§ **Directions**: Set down each record below exactly as it stands. Pictures are not part of the copy.
[Opening Supplied material section]
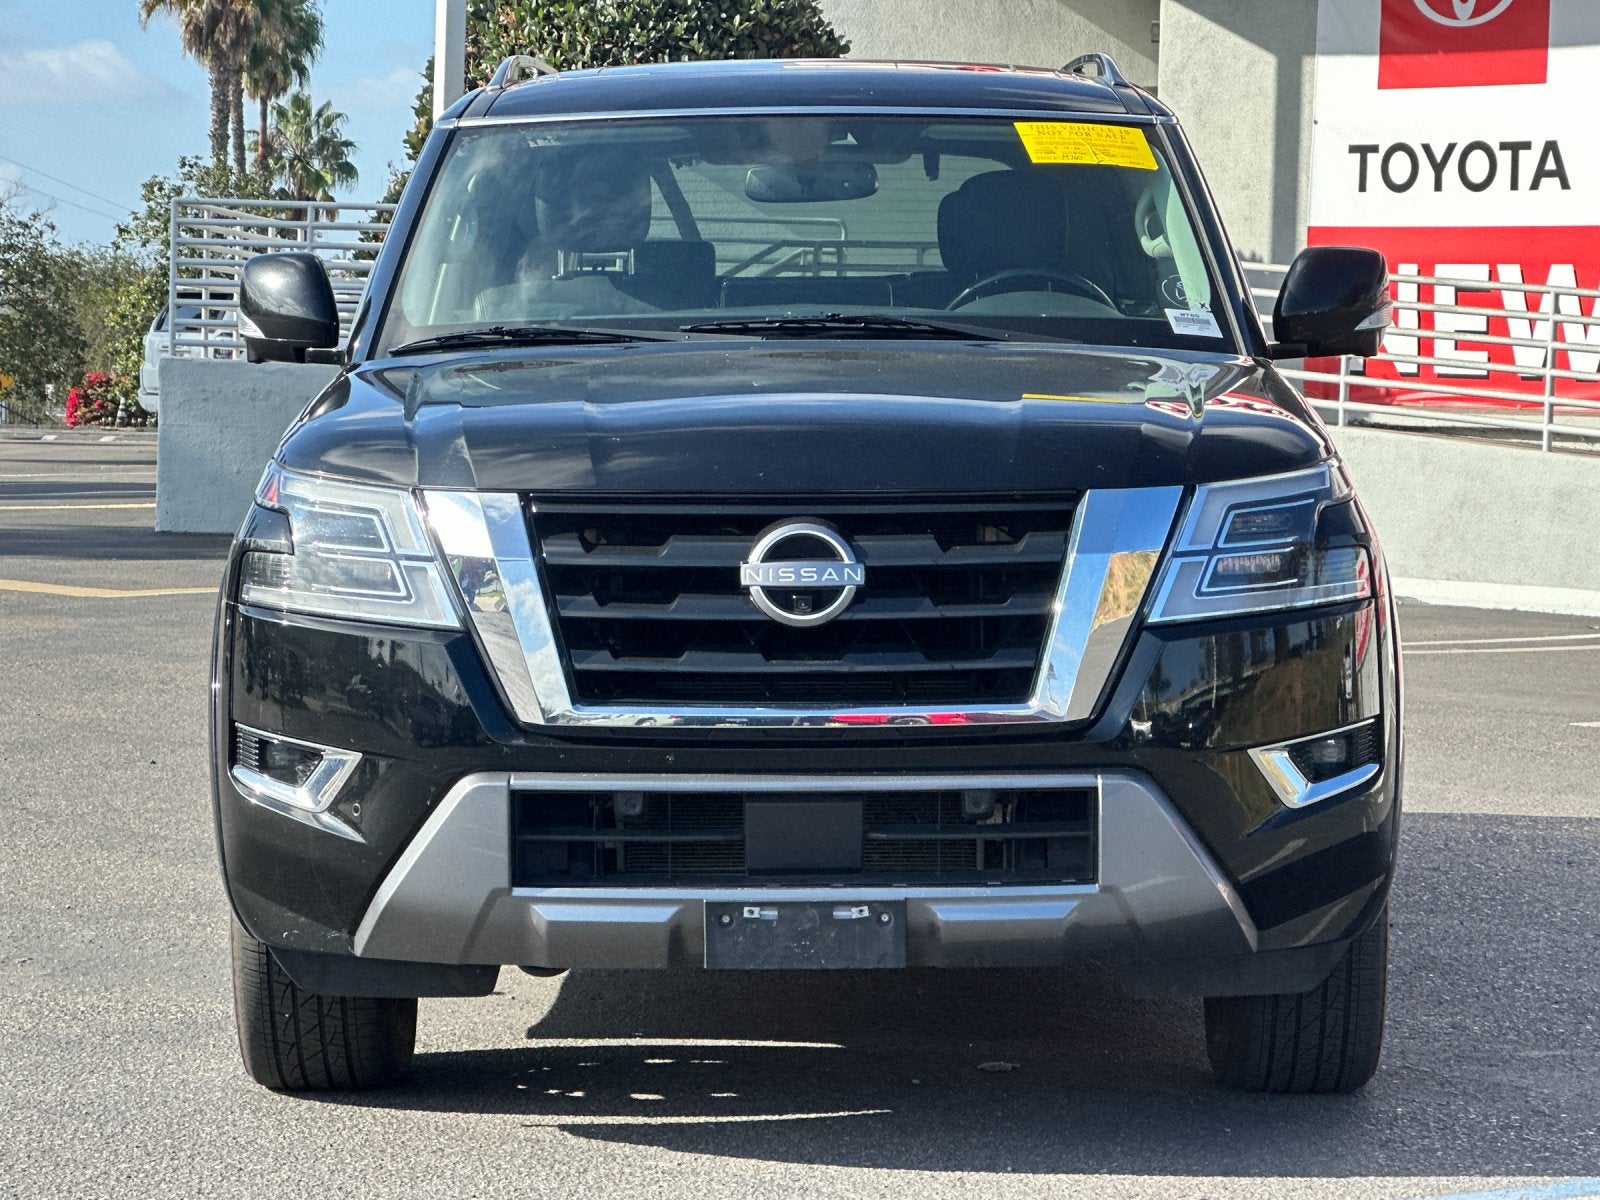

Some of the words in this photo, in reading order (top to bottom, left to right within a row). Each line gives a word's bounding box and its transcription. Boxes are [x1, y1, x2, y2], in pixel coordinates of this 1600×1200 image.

[1096, 132, 1127, 140] SALE
[1348, 140, 1571, 193] TOYOTA
[745, 567, 861, 582] NISSAN
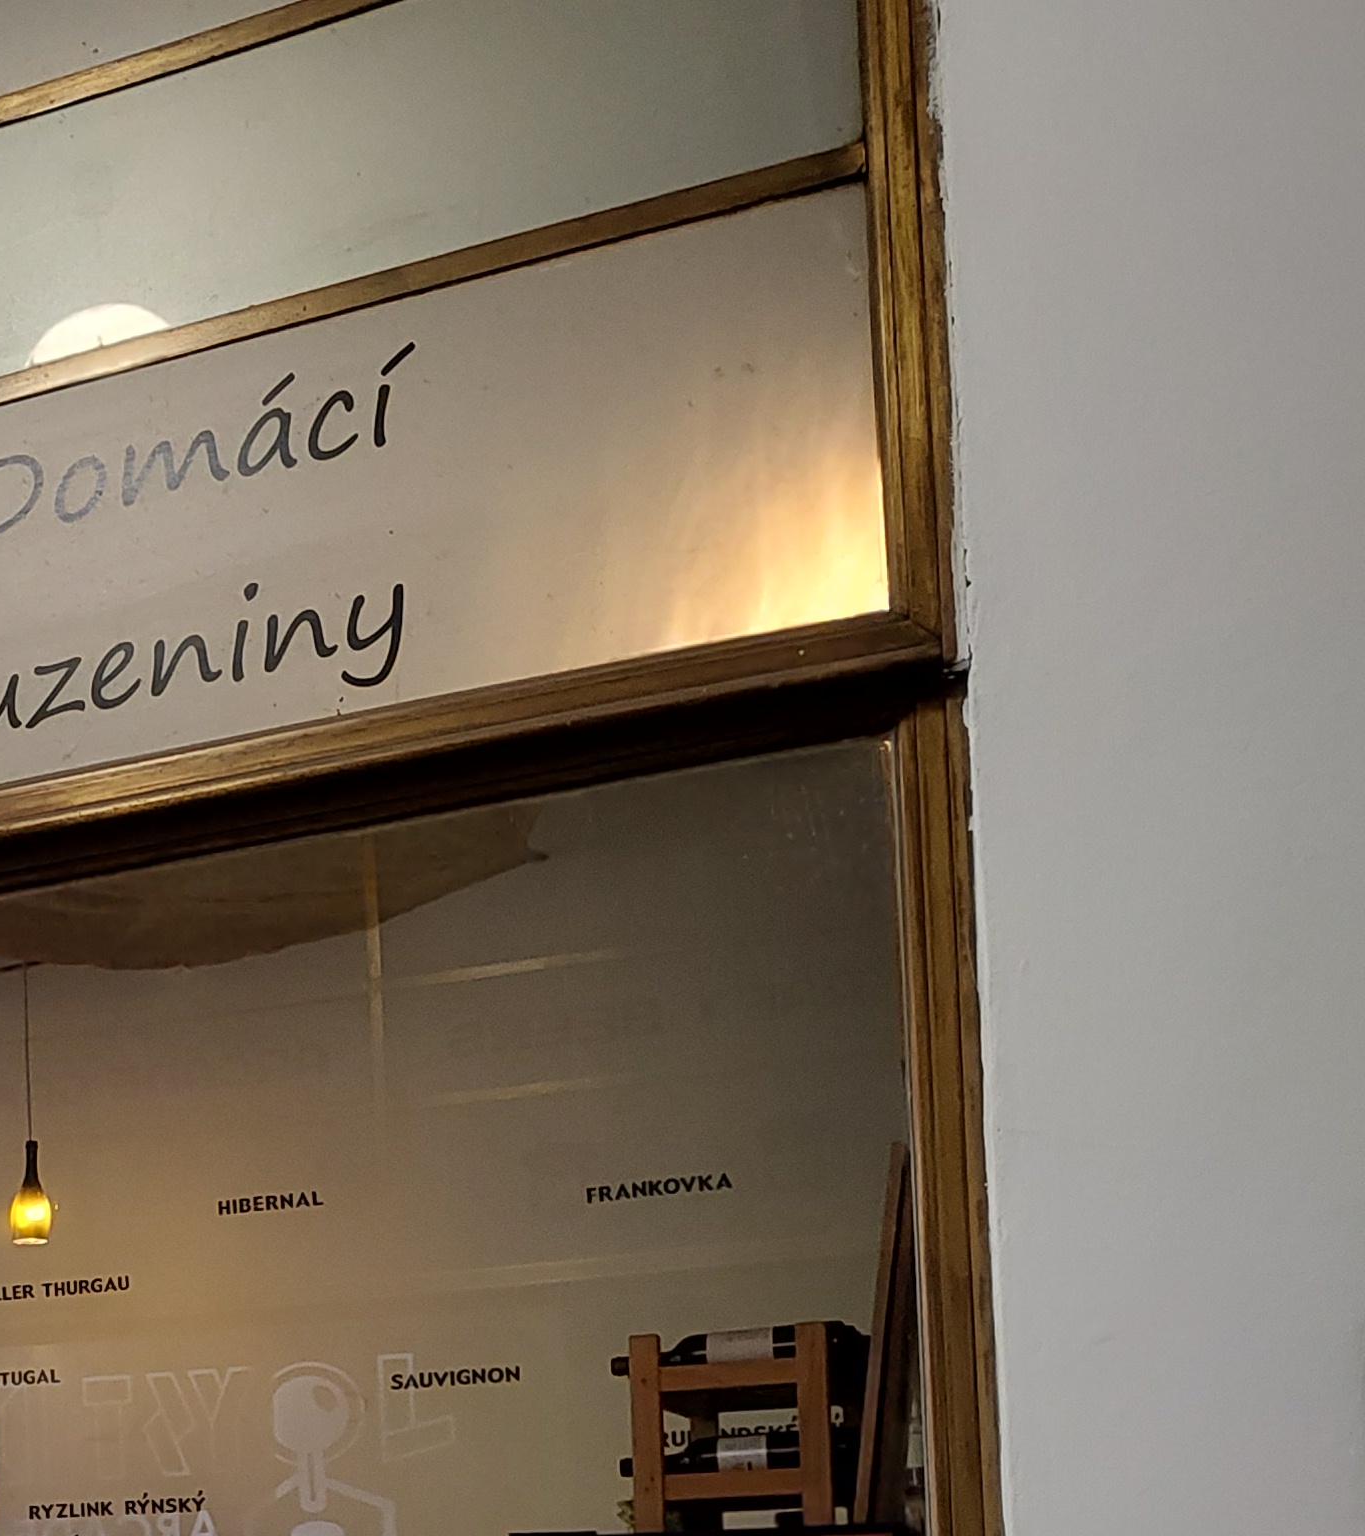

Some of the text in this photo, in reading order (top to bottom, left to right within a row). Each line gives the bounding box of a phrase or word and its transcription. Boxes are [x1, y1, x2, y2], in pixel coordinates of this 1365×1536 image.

[586, 1172, 733, 1204] FRANKOVKA
[218, 1190, 324, 1216] HIBERNAL
[41, 1275, 130, 1298] THURGAU
[390, 1365, 521, 1390] SAUVIGNON
[28, 1489, 206, 1520] RYZLINK RÝNSKÝ
[Closing Supplied material section]
§ **Solution for this task**:
Some of the words in this photo, in reading order (top to bottom, left to right within a row). Each line gives a word's bounding box and its transcription. Boxes are [x1, y1, x2, y2], in pixel coordinates of this 1600×1200 image.

[1096, 132, 1127, 140] SALE
[1348, 140, 1571, 193] TOYOTA
[745, 567, 861, 582] NISSAN

Some of the text in this photo, in reading order (top to bottom, left to right within a row). Each line gives the bounding box of a phrase or word and its transcription. Boxes are [x1, y1, x2, y2], in pixel coordinates of this 1365×1536 image.

[586, 1172, 733, 1204] FRANKOVKA
[218, 1190, 324, 1216] HIBERNAL
[41, 1275, 130, 1298] THURGAU
[390, 1365, 521, 1390] SAUVIGNON
[28, 1489, 206, 1520] RYZLINK RÝNSKÝ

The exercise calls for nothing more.